(Saved entries)
● ● ● ● ● ● ●
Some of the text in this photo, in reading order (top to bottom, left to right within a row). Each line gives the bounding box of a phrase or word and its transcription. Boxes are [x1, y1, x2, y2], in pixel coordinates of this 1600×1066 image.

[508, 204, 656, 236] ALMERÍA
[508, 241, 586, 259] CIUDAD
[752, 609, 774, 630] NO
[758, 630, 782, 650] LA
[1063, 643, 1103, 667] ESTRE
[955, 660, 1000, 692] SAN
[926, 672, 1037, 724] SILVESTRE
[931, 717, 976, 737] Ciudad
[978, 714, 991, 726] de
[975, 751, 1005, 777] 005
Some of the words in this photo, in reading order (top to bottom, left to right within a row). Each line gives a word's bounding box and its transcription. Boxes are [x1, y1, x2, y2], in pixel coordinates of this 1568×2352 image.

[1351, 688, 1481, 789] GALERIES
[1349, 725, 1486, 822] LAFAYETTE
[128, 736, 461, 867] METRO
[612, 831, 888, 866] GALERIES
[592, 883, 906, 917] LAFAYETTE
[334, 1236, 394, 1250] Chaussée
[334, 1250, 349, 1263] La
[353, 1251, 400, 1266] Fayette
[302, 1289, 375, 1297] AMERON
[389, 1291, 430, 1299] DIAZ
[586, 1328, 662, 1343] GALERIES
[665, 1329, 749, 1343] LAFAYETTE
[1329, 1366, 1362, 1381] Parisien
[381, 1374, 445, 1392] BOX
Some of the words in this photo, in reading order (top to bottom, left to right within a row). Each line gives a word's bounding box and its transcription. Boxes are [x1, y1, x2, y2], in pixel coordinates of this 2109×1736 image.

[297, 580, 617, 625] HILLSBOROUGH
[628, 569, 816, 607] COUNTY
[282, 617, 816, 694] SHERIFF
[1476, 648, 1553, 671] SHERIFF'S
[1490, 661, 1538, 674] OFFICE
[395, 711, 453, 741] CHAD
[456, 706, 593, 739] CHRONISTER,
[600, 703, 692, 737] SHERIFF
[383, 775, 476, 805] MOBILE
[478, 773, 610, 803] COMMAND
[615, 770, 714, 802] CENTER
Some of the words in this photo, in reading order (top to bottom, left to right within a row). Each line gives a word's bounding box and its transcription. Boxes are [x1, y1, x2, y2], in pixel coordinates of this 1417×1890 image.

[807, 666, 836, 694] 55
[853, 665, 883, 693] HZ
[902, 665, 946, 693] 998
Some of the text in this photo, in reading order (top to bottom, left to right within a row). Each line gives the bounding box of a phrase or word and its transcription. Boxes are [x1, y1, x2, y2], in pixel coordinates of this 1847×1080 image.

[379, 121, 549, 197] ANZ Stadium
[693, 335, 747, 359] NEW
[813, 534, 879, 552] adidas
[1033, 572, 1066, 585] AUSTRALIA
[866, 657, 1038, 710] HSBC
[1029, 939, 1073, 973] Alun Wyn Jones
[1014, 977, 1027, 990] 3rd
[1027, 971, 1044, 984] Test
● ● ● ● ● ● ●
Every entry above should be transcribed exactly and in full.

Some of the text in this photo, in reading order (top to bottom, left to right within a row). Each line gives the bounding box of a phrase or word and its transcription. Boxes are [x1, y1, x2, y2], in pixel coordinates of this 1600×1066 image.

[508, 204, 656, 236] ALMERÍA
[508, 241, 586, 259] CIUDAD
[752, 609, 774, 630] NO
[758, 630, 782, 650] LA
[1063, 643, 1103, 667] ESTRE
[955, 660, 1000, 692] SAN
[926, 672, 1037, 724] SILVESTRE
[931, 717, 976, 737] Ciudad
[978, 714, 991, 726] de
[975, 751, 1005, 777] 005
Some of the words in this photo, in reading order (top to bottom, left to right within a row). Each line gives a word's bounding box and its transcription. Boxes are [x1, y1, x2, y2], in pixel coordinates of this 1568×2352 image.

[1351, 688, 1481, 789] GALERIES
[1349, 725, 1486, 822] LAFAYETTE
[128, 736, 461, 867] METRO
[612, 831, 888, 866] GALERIES
[592, 883, 906, 917] LAFAYETTE
[334, 1236, 394, 1250] Chaussée
[334, 1250, 349, 1263] La
[353, 1251, 400, 1266] Fayette
[302, 1289, 375, 1297] AMERON
[389, 1291, 430, 1299] DIAZ
[586, 1328, 662, 1343] GALERIES
[665, 1329, 749, 1343] LAFAYETTE
[1329, 1366, 1362, 1381] Parisien
[381, 1374, 445, 1392] BOX
Some of the words in this photo, in reading order (top to bottom, left to right within a row). Each line gives a word's bounding box and its transcription. Boxes are [x1, y1, x2, y2], in pixel coordinates of this 2109×1736 image.

[297, 580, 617, 625] HILLSBOROUGH
[628, 569, 816, 607] COUNTY
[282, 617, 816, 694] SHERIFF
[1476, 648, 1553, 671] SHERIFF'S
[1490, 661, 1538, 674] OFFICE
[395, 711, 453, 741] CHAD
[456, 706, 593, 739] CHRONISTER,
[600, 703, 692, 737] SHERIFF
[383, 775, 476, 805] MOBILE
[478, 773, 610, 803] COMMAND
[615, 770, 714, 802] CENTER
Some of the words in this photo, in reading order (top to bottom, left to right within a row). Each line gives a word's bounding box and its transcription. Boxes are [x1, y1, x2, y2], in pixel coordinates of this 1417×1890 image.

[807, 666, 836, 694] 55
[853, 665, 883, 693] HZ
[902, 665, 946, 693] 998
Some of the text in this photo, in reading order (top to bottom, left to right within a row). Each line gives the bounding box of a phrase or word and its transcription. Boxes are [x1, y1, x2, y2], in pixel coordinates of this 1847×1080 image.

[379, 121, 549, 197] ANZ Stadium
[693, 335, 747, 359] NEW
[813, 534, 879, 552] adidas
[1033, 572, 1066, 585] AUSTRALIA
[866, 657, 1038, 710] HSBC
[1029, 939, 1073, 973] Alun Wyn Jones
[1014, 977, 1027, 990] 3rd
[1027, 971, 1044, 984] Test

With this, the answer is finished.